NAIROBI — Kenya’s military caused the collapse of three floors of the Westgate Mall in the deadly terrorist siege, a top-ranking official disclosed Friday, as the government urged patience with the pace of an investigation that has left key questions unanswered
Seven days after 67 people were killed in the attack on the upscale shopping center, there is no clear word on the fate of dozens who have been reported missing and no details on the terrorists who carried it out.
The account of the roof collapse raises the possibility that the rescue attempt might have caused the deaths of hostages. An undisclosed number of people are feared to be buried in the rubble.
The official said autopsies will be conducted on any bodies found to determine the cause of death — from the militants or the collapse. The high-ranking government official spoke on condition of anonymity.
The official also confirmed that Kenyan troops fired rocket-propelled grenades in the mall, but would not say what caused the floors to collapse, whether the action was intentional, or if it was an accident.

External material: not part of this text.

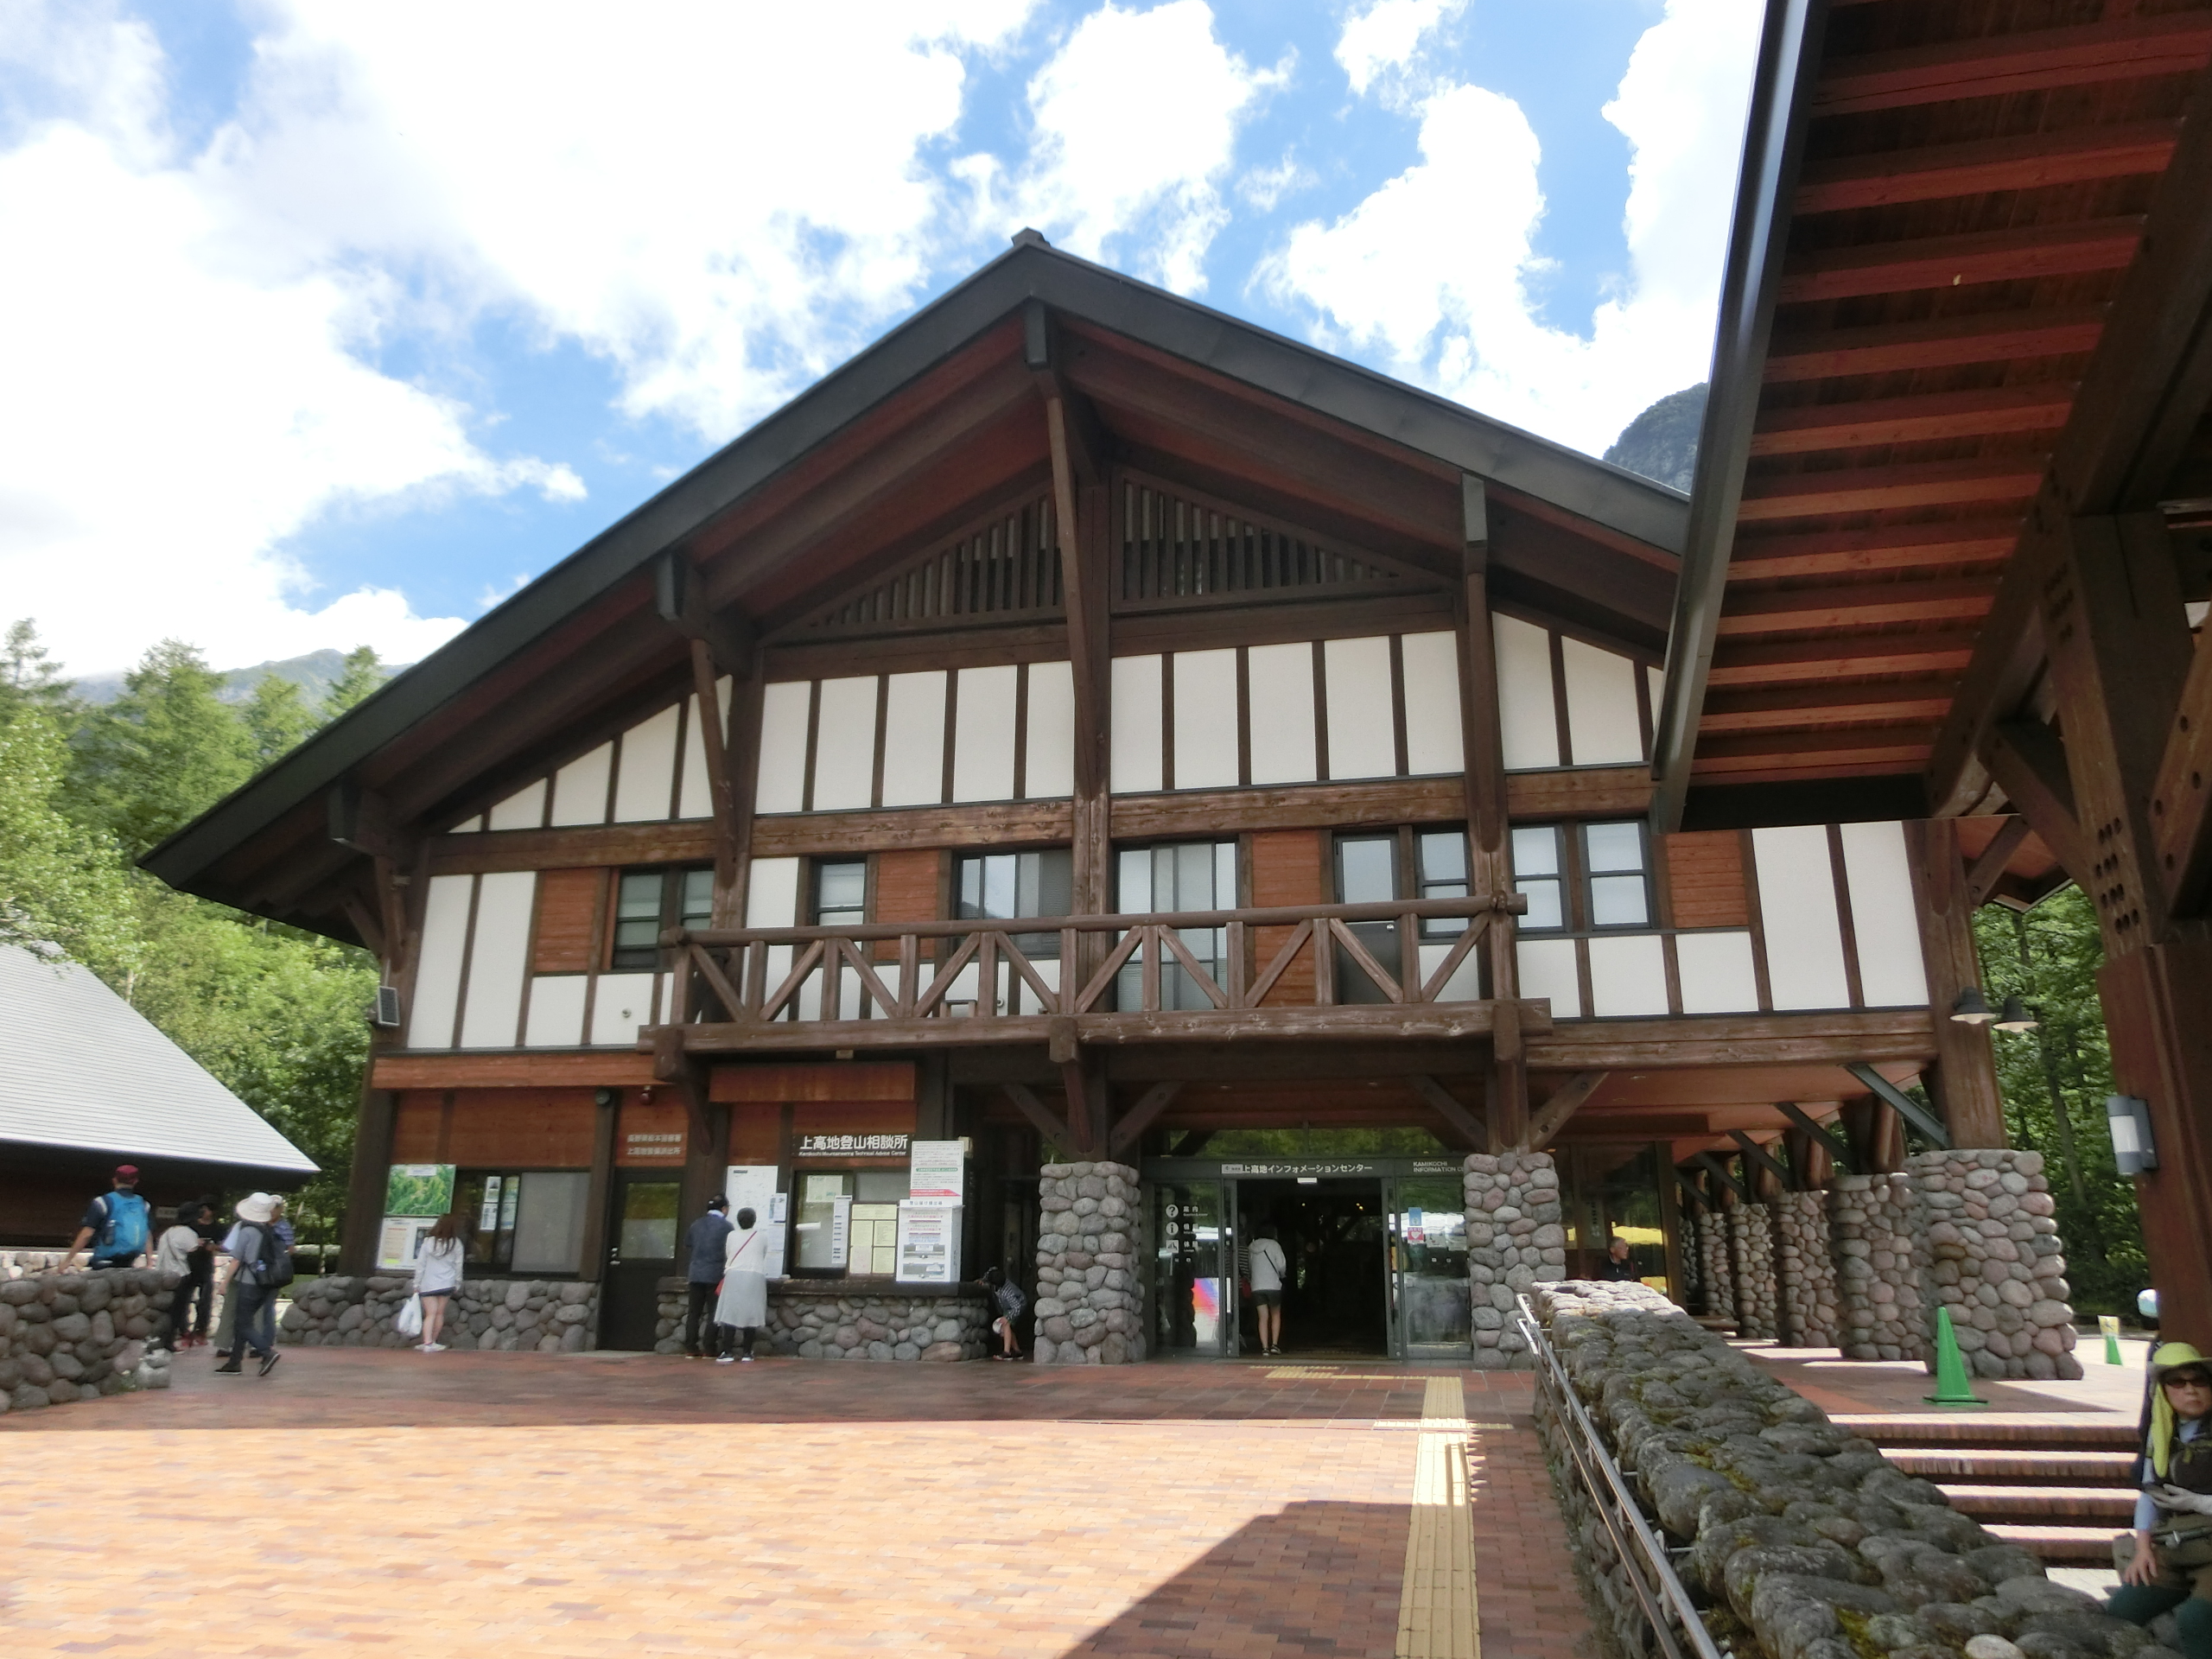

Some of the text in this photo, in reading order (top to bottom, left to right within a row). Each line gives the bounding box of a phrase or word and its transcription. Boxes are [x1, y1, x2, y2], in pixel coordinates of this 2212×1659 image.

[799, 1135, 908, 1150] 上高地登山相談所
[1243, 1164, 1373, 1174] 上高地インフォメーションセンター
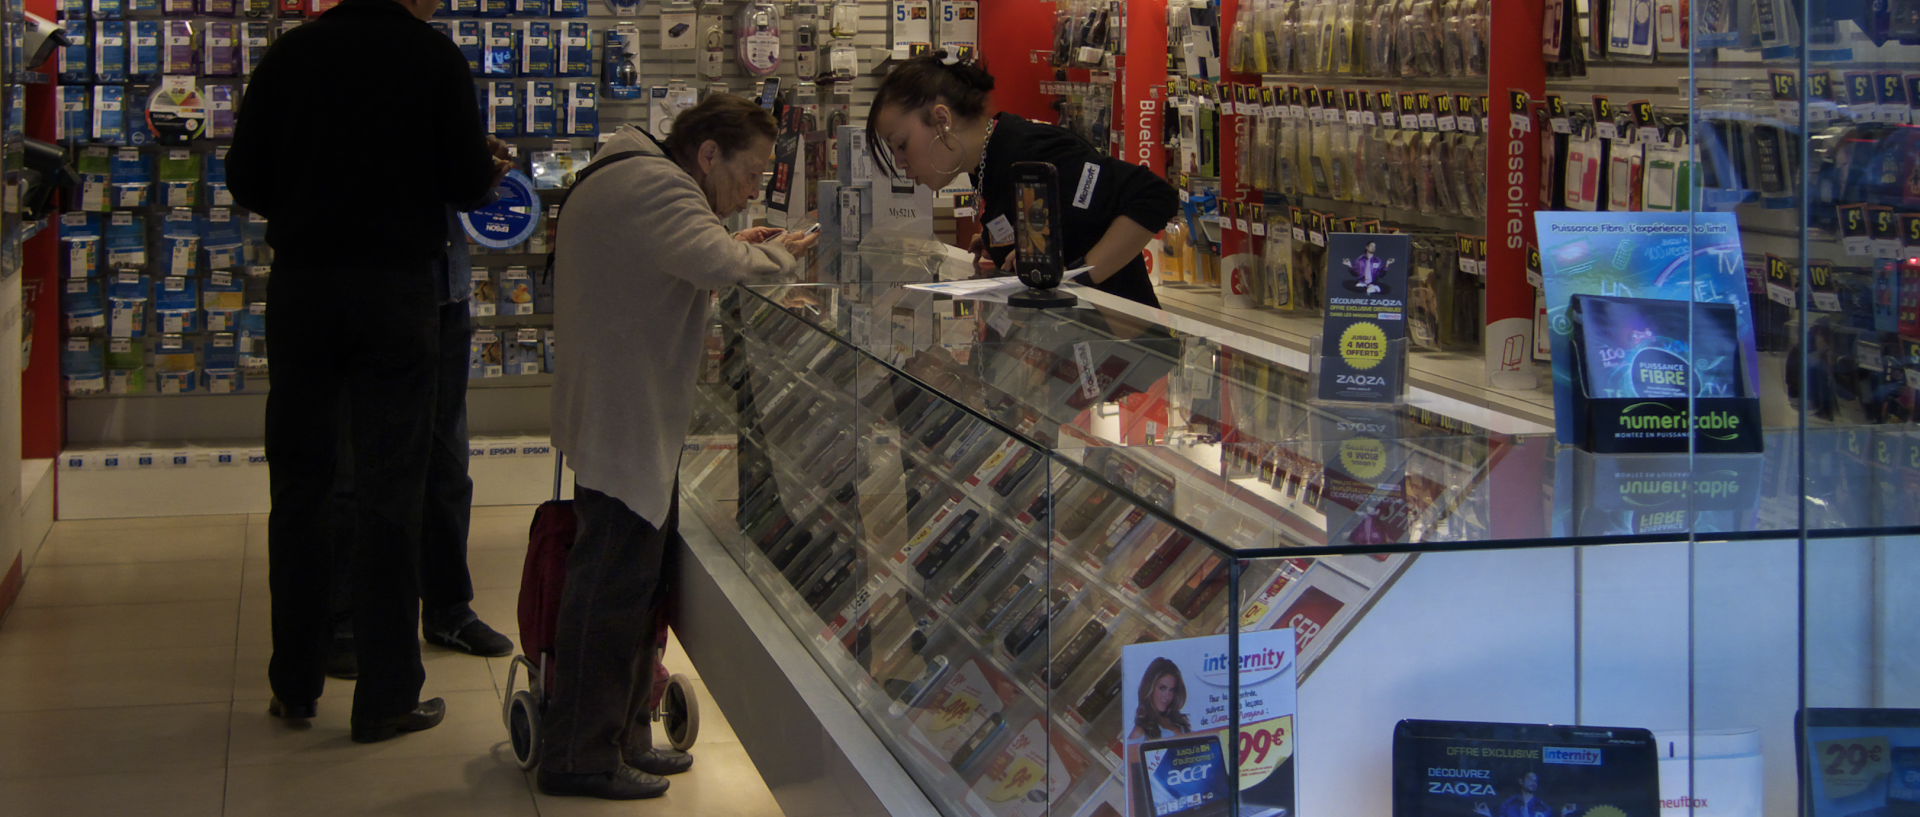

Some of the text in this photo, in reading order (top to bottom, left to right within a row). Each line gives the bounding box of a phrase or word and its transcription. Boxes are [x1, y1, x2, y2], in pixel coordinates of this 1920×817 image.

Another official said rocket-propelled grenades fired by soldiers created a gaping hole in the mall’s roof and caused the floors to collapse. Four explosions had rocked the mall Monday and dark smoke poured out — the estimated time that the floors collapsed.
A soldier who was returning from the mall Tuesday while carrying a rocket launcher said that he had fired it inside.
The government has not said what caused the collapse. One official had suggested it was caused by a mattress fire in a department store.
Presidential spokesman Manoah Esipisu said structural engineers are examining the collapse. FBI agents, along with investigators from Britain, Canada, and Germany, are participating in the inquiry.
Police are trying to determine if the attackers stored ammunition in the mall before the attack, and investigators are tracing the ownership of a car that is believed to have been used by the gunmen.
Al Shabab said it carried out Saturday’s attack to punish Kenya for sending troops into Somalia to fight the Al Qaeda-linked militant group that had seized parts of that country for years before being dislodged from the capital, Mogadishu.
Amid the possibility that some of the attackers might have escaped during the evacuation of civilians from the mall, authorities have increased surveillance at border crossings and at the Nairobi airport.
Eight suspects are being held, Interior Minister Joseph Ole Lenku said. Three others were released.
The government says at least 61 civilians and six security forces were killed. At least five attackers were killed.
At the request of Kenya, Interpol issued a notice Thursday asking for help in capturing 29-year-old British-born fugitive Samantha Lewthwaite — not in connection with the mall attack, but over a 2011 plot to bomb holiday resorts in Kenya.
Known in British tabloids as ‘‘the white widow,’’ she was married to one of the suicide bombers in the 2005 attack on London’s transit system, and some speculate she was involved in the mall attack.